Twelve years since we fell in love; eight since our wedding. I don't always get sentimental over anniversaries, but I did this year, looking back over our ups and downs. I'm so proud of us for coming through it together.

Tonight we went for our first proper walk of the season, perhaps three miles meandering across Central Park amid daffodils and budding trees (we sometimes get cherry blossoms for our anniversary, but this year the trees are still timid after a long hard winter) and then down through Midtown. We discussed our various proposed cures for the gentrification problem--he wants to prioritize fixing income inequality and stagflation while I want to prioritize bringing down housing prices, though of course those are two sides of the same coin--while mocking the awful haute couture window displays on Madison Avenue.

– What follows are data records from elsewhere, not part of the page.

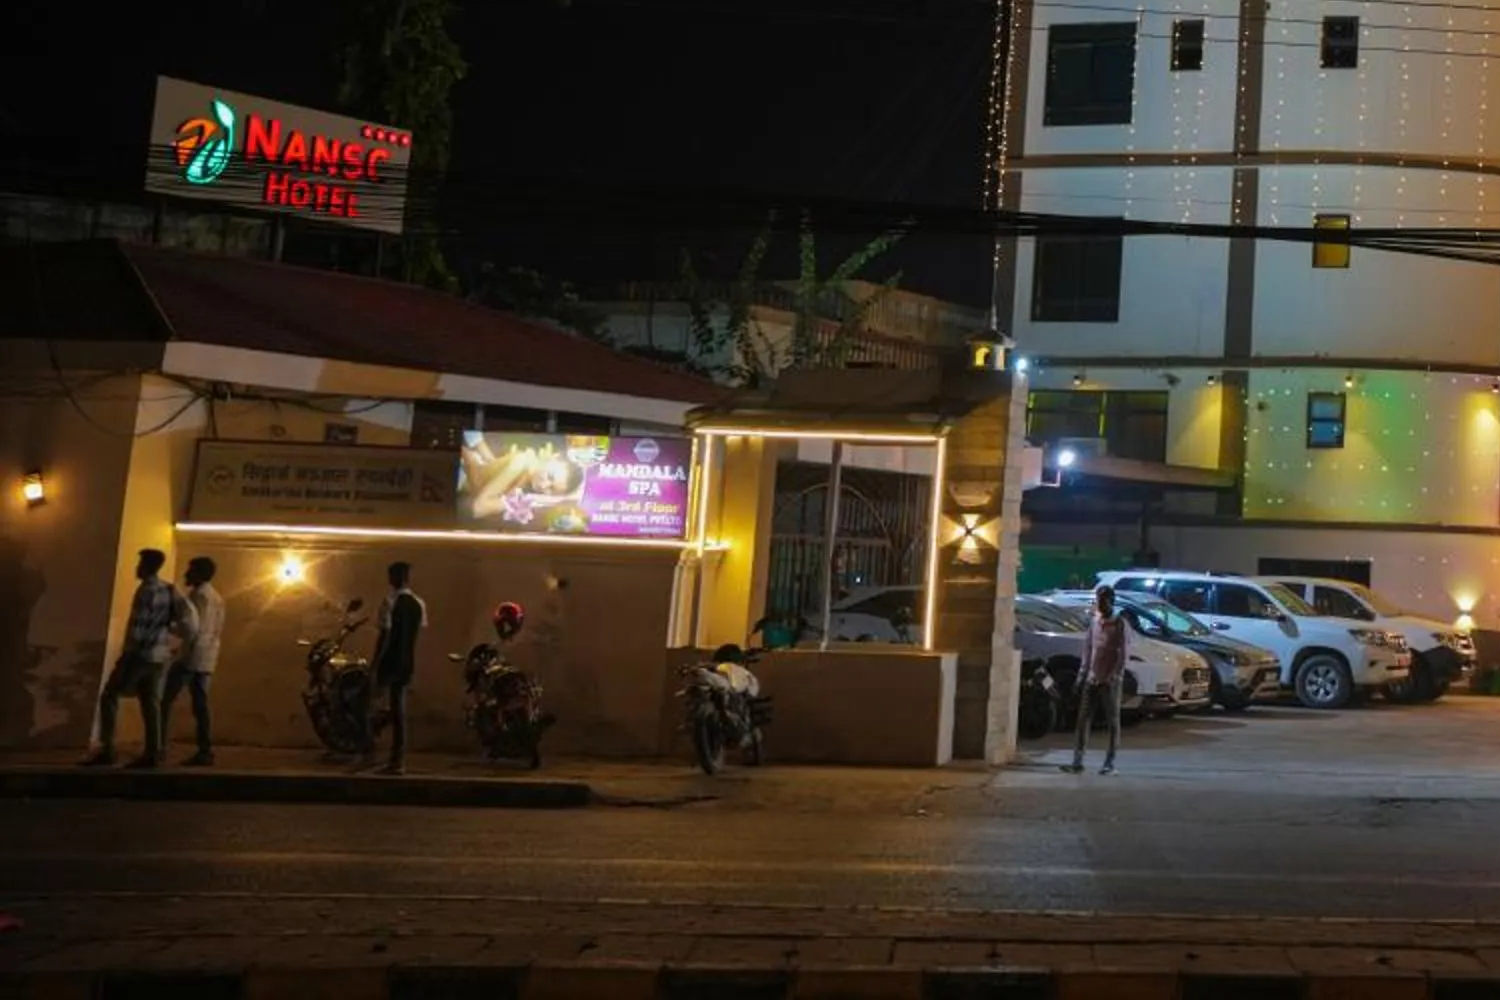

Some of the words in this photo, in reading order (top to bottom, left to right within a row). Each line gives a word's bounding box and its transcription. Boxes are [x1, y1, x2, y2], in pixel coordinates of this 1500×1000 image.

[246, 113, 392, 181] NANSC
[264, 171, 360, 217] HOTEL
[598, 463, 687, 480] MANDALA
[627, 480, 661, 497] SPA
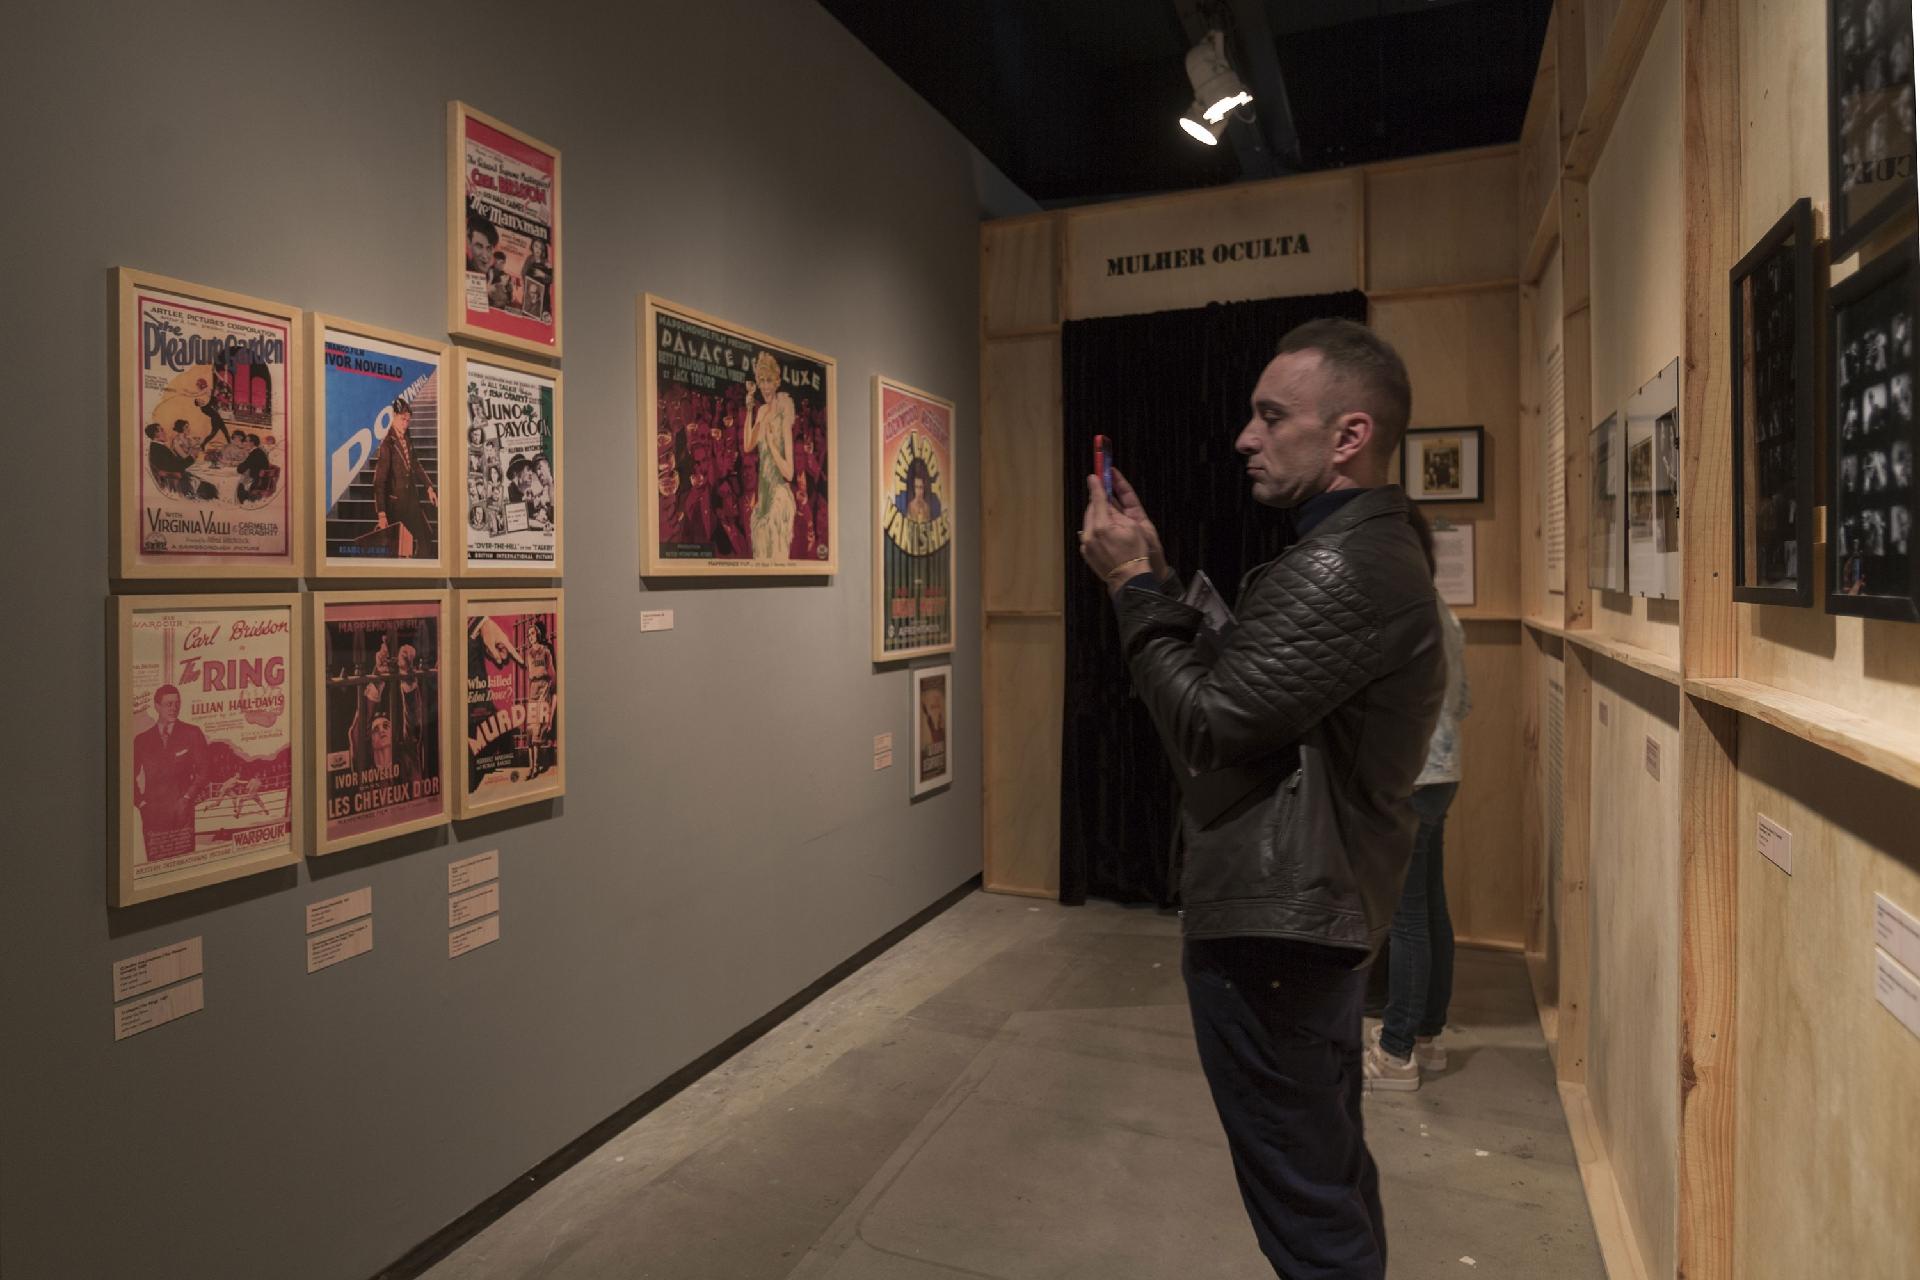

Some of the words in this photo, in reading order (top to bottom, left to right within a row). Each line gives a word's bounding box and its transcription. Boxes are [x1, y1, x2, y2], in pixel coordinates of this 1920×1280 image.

Eventually we ended up at Matisse, a little faux-French bistro that Yelp thoughtfully picked out for us, and had a very nice non-poisonous dinner of Moroccan lamb (in honor of the Moroccan restaurant where we had our wedding) and branzino to an improbable soundtrack of disco and R&B. We zoned out together on the train home and bustled a bit when we got in; my need to burn off energy grated against X's need for quiet alone-time, but J patiently waited while we sorted it out, and then J and I cuddled and made out and cuddled some more until he had to reluctantly admit that it was well past his bedtime. It was a very us anniversary, through and through.

"Let's keep doing this thing," I said at some point as we snuggled in my bed.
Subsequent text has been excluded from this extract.